Spatial localization data:
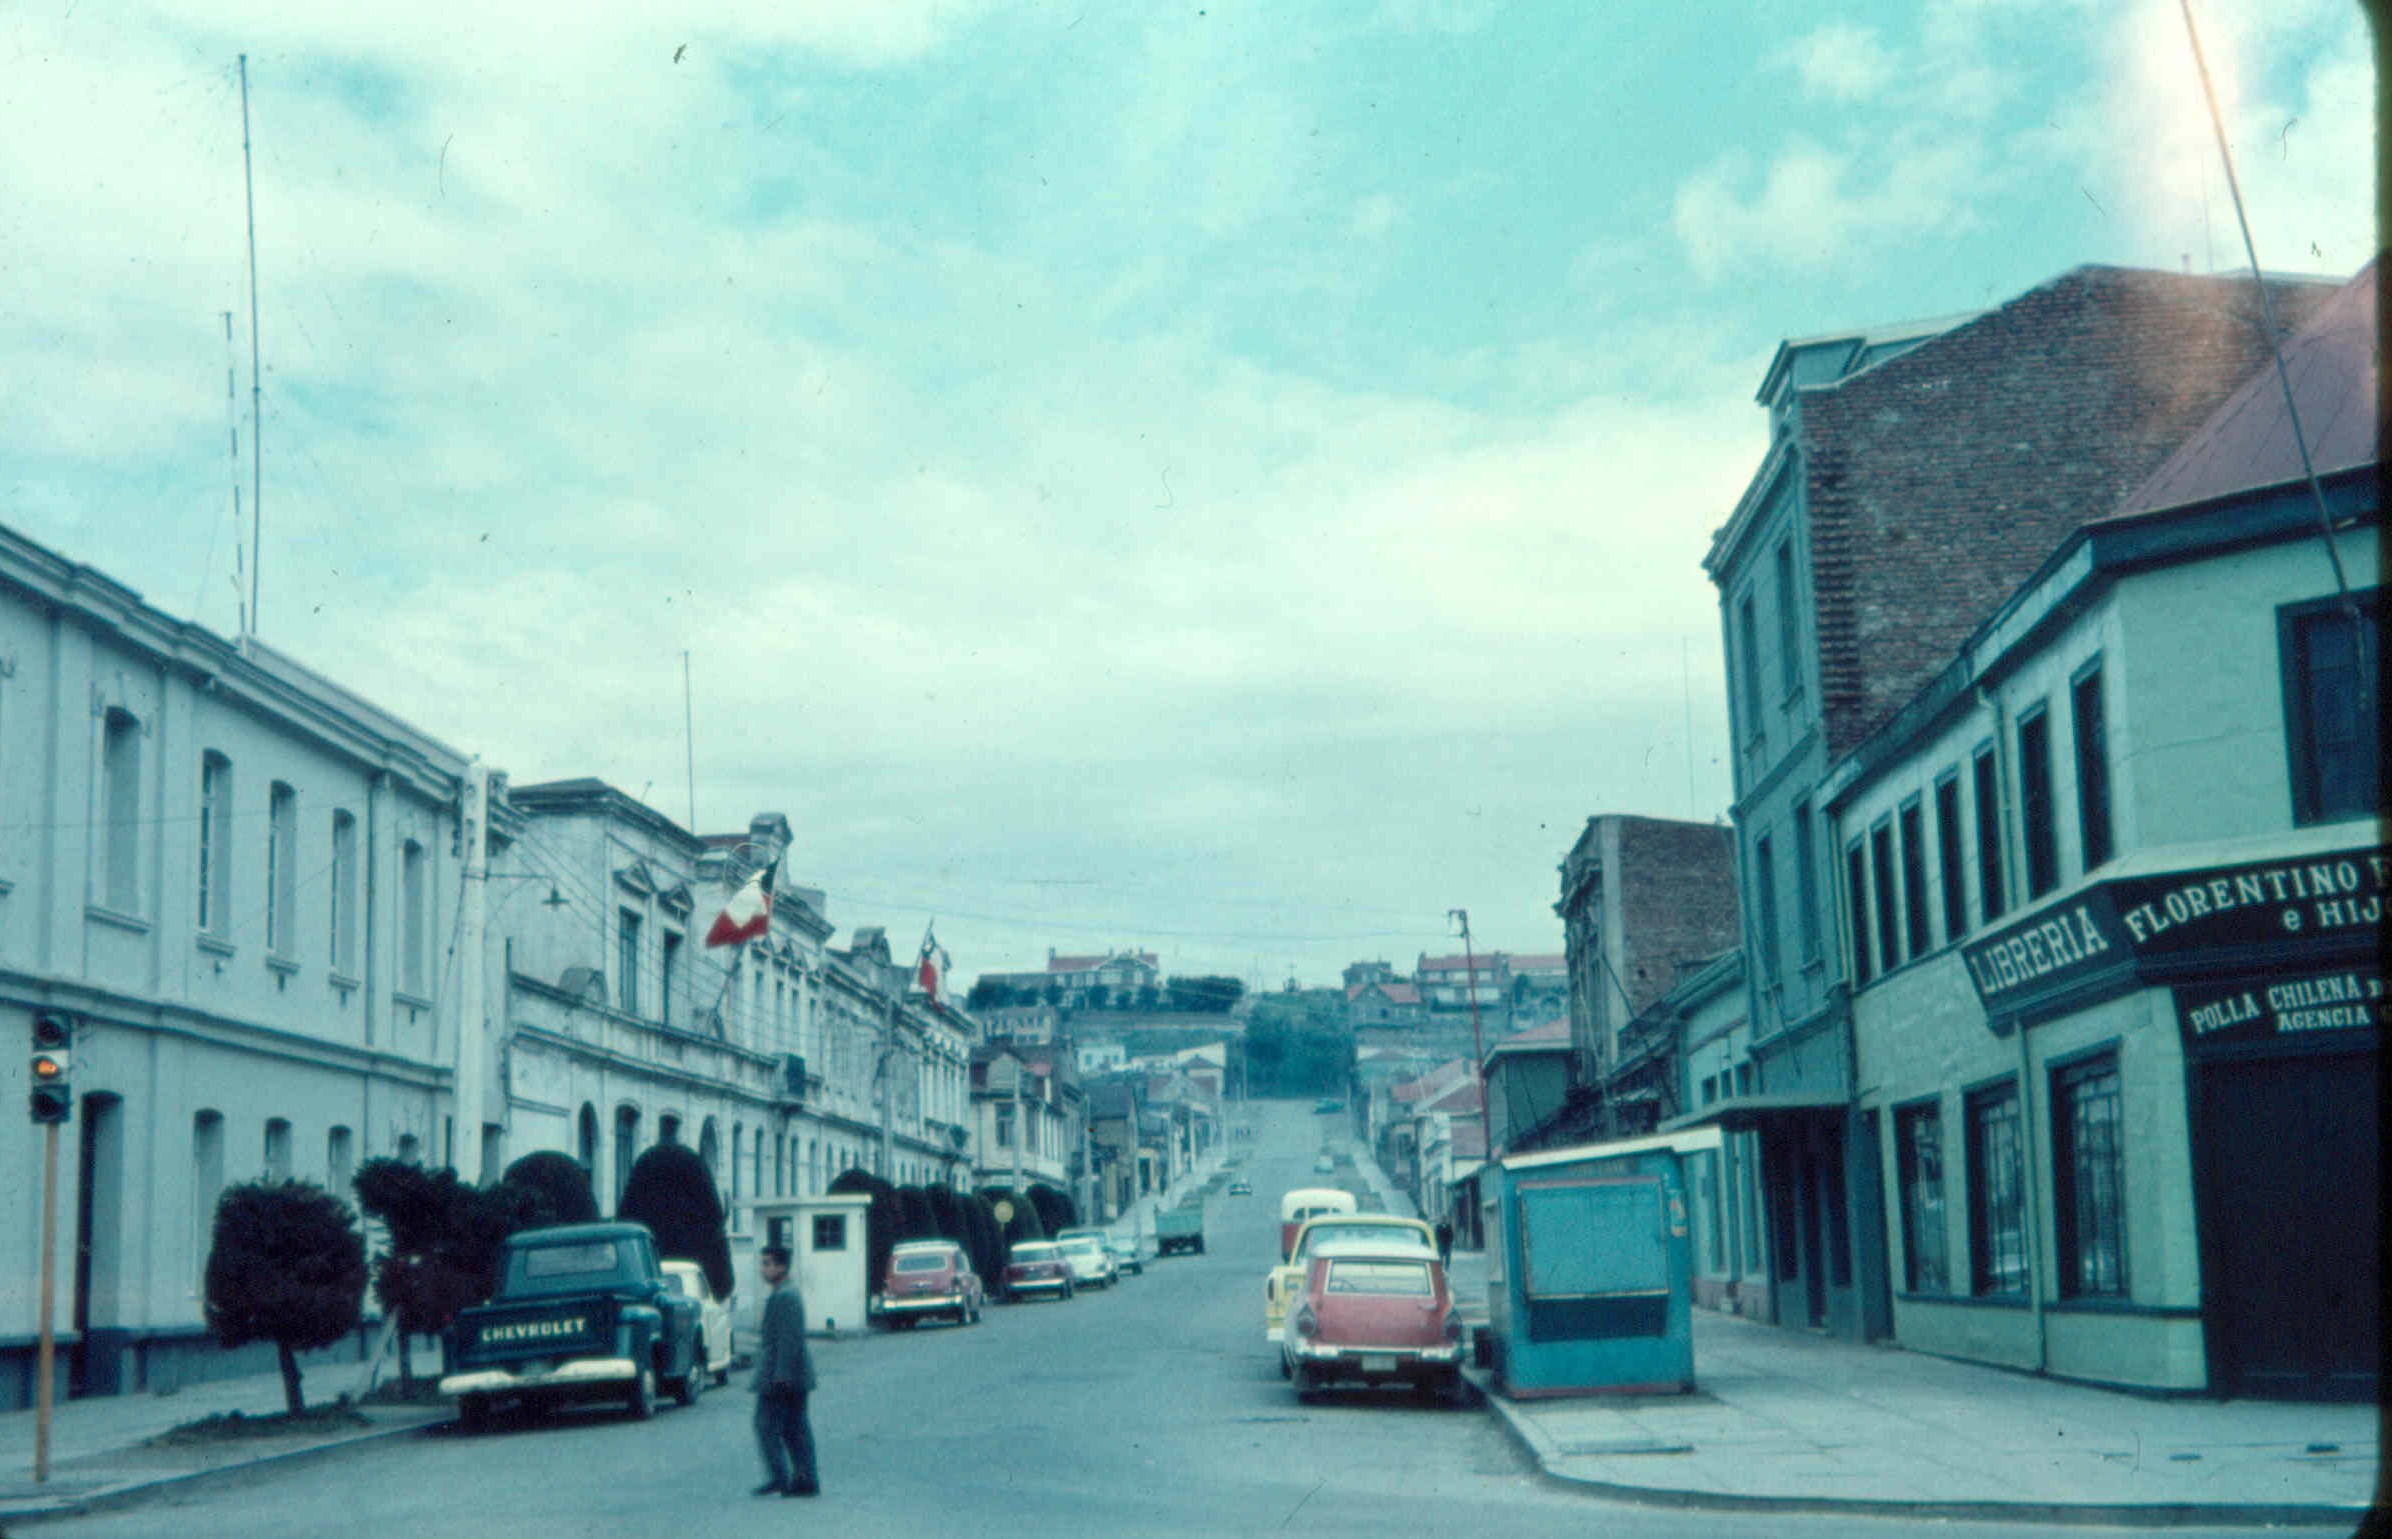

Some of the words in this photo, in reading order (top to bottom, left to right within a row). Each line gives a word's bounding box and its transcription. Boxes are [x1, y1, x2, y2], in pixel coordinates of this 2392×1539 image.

[2123, 860, 2360, 943] FLORENTINO
[2283, 909, 2301, 931] e
[1971, 905, 2109, 994] LIBRERIA
[2190, 992, 2260, 1034] POLLA
[2267, 973, 2362, 1011] CHILENA
[2277, 1004, 2371, 1032] AGENCIA
[482, 1317, 586, 1343] CHEVROLET

> **WORK ITEM**: The output must match the records word for word, except that no pictures appear.

> **RESULT OF THIS EXERCISE**:
Some of the words in this photo, in reading order (top to bottom, left to right within a row). Each line gives a word's bounding box and its transcription. Boxes are [x1, y1, x2, y2], in pixel coordinates of this 2392×1539 image.

[2123, 860, 2360, 943] FLORENTINO
[2283, 909, 2301, 931] e
[1971, 905, 2109, 994] LIBRERIA
[2190, 992, 2260, 1034] POLLA
[2267, 973, 2362, 1011] CHILENA
[2277, 1004, 2371, 1032] AGENCIA
[482, 1317, 586, 1343] CHEVROLET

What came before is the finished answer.